### PROBLEM:
Word-for-word transcription is needed for all of the entries.

### EXERCISE MATERIALS:
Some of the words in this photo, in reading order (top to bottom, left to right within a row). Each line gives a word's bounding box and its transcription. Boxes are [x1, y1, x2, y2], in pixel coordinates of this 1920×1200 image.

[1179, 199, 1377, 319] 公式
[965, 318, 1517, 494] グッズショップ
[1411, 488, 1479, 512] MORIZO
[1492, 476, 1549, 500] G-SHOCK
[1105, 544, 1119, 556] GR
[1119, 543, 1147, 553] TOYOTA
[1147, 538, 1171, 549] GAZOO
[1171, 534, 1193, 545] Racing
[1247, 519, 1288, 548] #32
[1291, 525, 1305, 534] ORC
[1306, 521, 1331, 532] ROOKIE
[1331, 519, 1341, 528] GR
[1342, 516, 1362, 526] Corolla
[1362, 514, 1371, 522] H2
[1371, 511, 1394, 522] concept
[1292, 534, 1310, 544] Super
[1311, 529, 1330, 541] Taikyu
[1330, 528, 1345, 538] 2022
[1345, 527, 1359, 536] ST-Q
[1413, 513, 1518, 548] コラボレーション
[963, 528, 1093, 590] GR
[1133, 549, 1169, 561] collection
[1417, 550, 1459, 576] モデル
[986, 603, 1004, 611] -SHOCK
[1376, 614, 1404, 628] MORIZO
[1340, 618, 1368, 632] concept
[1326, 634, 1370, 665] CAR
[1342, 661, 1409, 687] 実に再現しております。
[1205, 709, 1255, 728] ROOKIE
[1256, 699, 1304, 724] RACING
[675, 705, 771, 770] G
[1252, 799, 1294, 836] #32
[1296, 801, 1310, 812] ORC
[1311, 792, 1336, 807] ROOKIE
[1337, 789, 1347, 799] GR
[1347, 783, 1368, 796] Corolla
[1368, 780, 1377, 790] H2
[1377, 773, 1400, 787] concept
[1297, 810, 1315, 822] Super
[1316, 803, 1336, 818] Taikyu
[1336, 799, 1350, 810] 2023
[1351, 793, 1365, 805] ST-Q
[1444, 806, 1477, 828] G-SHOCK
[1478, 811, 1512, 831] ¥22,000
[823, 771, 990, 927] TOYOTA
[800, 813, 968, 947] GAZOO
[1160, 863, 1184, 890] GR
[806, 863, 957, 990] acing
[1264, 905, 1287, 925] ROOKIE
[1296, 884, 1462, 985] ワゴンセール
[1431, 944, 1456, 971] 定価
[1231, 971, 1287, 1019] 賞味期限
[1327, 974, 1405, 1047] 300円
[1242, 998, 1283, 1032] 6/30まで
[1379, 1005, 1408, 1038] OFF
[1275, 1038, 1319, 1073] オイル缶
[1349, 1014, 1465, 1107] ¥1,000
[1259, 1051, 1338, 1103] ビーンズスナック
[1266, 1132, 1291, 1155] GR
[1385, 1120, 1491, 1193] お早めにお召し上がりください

### EXERCISE RESULT:
Some of the words in this photo, in reading order (top to bottom, left to right within a row). Each line gives a word's bounding box and its transcription. Boxes are [x1, y1, x2, y2], in pixel coordinates of this 1920×1200 image.

[1179, 199, 1377, 319] 公式
[965, 318, 1517, 494] グッズショップ
[1411, 488, 1479, 512] MORIZO
[1492, 476, 1549, 500] G-SHOCK
[1105, 544, 1119, 556] GR
[1119, 543, 1147, 553] TOYOTA
[1147, 538, 1171, 549] GAZOO
[1171, 534, 1193, 545] Racing
[1247, 519, 1288, 548] #32
[1291, 525, 1305, 534] ORC
[1306, 521, 1331, 532] ROOKIE
[1331, 519, 1341, 528] GR
[1342, 516, 1362, 526] Corolla
[1362, 514, 1371, 522] H2
[1371, 511, 1394, 522] concept
[1292, 534, 1310, 544] Super
[1311, 529, 1330, 541] Taikyu
[1330, 528, 1345, 538] 2022
[1345, 527, 1359, 536] ST-Q
[1413, 513, 1518, 548] コラボレーション
[963, 528, 1093, 590] GR
[1133, 549, 1169, 561] collection
[1417, 550, 1459, 576] モデル
[986, 603, 1004, 611] -SHOCK
[1376, 614, 1404, 628] MORIZO
[1340, 618, 1368, 632] concept
[1326, 634, 1370, 665] CAR
[1342, 661, 1409, 687] 実に再現しております。
[1205, 709, 1255, 728] ROOKIE
[1256, 699, 1304, 724] RACING
[675, 705, 771, 770] G
[1252, 799, 1294, 836] #32
[1296, 801, 1310, 812] ORC
[1311, 792, 1336, 807] ROOKIE
[1337, 789, 1347, 799] GR
[1347, 783, 1368, 796] Corolla
[1368, 780, 1377, 790] H2
[1377, 773, 1400, 787] concept
[1297, 810, 1315, 822] Super
[1316, 803, 1336, 818] Taikyu
[1336, 799, 1350, 810] 2023
[1351, 793, 1365, 805] ST-Q
[1444, 806, 1477, 828] G-SHOCK
[1478, 811, 1512, 831] ¥22,000
[823, 771, 990, 927] TOYOTA
[800, 813, 968, 947] GAZOO
[1160, 863, 1184, 890] GR
[806, 863, 957, 990] acing
[1264, 905, 1287, 925] ROOKIE
[1296, 884, 1462, 985] ワゴンセール
[1431, 944, 1456, 971] 定価
[1231, 971, 1287, 1019] 賞味期限
[1327, 974, 1405, 1047] 300円
[1242, 998, 1283, 1032] 6/30まで
[1379, 1005, 1408, 1038] OFF
[1275, 1038, 1319, 1073] オイル缶
[1349, 1014, 1465, 1107] ¥1,000
[1259, 1051, 1338, 1103] ビーンズスナック
[1266, 1132, 1291, 1155] GR
[1385, 1120, 1491, 1193] お早めにお召し上がりください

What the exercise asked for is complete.